Un roman qu'on est tenté de qualifier d'intime parce que l'histoire se déroule en fait dans la tête de deux hommes. de l'un, le lecteur ignorera jusqu'au bout ce qu'il a pensé. Tout au mieux pourra-t-il se vanter d'avoir de temps à autre supposé que ... Mais il ne sera jamais sûr de ses suppositions . de l'autre au contraire, il saura la moindre pensée, les mauvaises, les sournoises comme les bonnes, les généreuses. Ce qui lui permettra de se faire un portrait extrêmement juste de Maloin, l'un des tristes héros de cette histoire lamentable, qui finit si mal alors que, peut-être, si le premier homme avait par exemple grimpé les marches de l'échelle menant à la cage de verre de l'aiguilleur maritime quand il a compris que la valise qu'il recherchait avec tant d'ardeur ne pouvait se trouver que là, avec l'aiguilleur ... et si le second, l'aiguilleur justement, Maloin, s'était décidé à rendre la valise à cet homme au visage de clown triste qui, visiblement, en avait un tel besoin ...

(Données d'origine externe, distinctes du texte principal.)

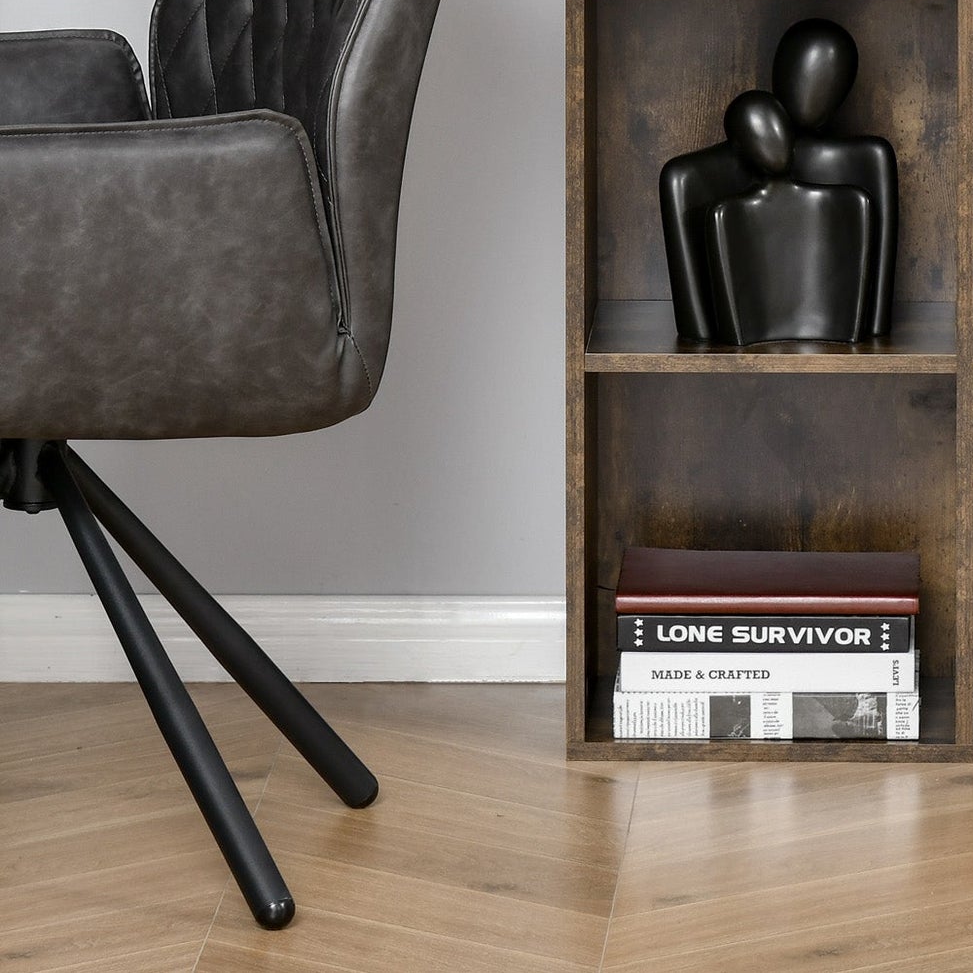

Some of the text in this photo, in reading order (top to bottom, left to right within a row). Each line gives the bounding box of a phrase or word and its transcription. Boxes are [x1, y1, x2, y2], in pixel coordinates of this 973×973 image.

[656, 624, 871, 646] LONE SURVIVOR
[651, 669, 771, 680] MADE & CRAFTED

Seulement voilà, ni l'un ni l'autre n'ont fait le pas décisif en temps utile. Et quand Maloin se décide, il est trop tard. Les nerfs de celui qu'il n'a cessé d'appeler "l'homme de Londres", puis Brown, craquent et il agresse Maloin qui vient pourtant l'aider. Alors, d'instinct, l'aiguilleur se défend et frappe, frappe ... Et voilà : Brown, le clown triste, l'acrobate de génie, qui ne savait pas dire non à Teddy, son mauvais ange, mais avait pourtant trouvé le courage, par une nuit de brume, de l'expédier d'un bon coup de poing dans la Manche, sous les yeux mêmes d'un Maloin qui n'était à son poste que par hasard, Brown, l'Escroc bien connu de Scotland Yard, Brown est étendu raide, les yeux ouverts sur l'Eternité - Brown est mort.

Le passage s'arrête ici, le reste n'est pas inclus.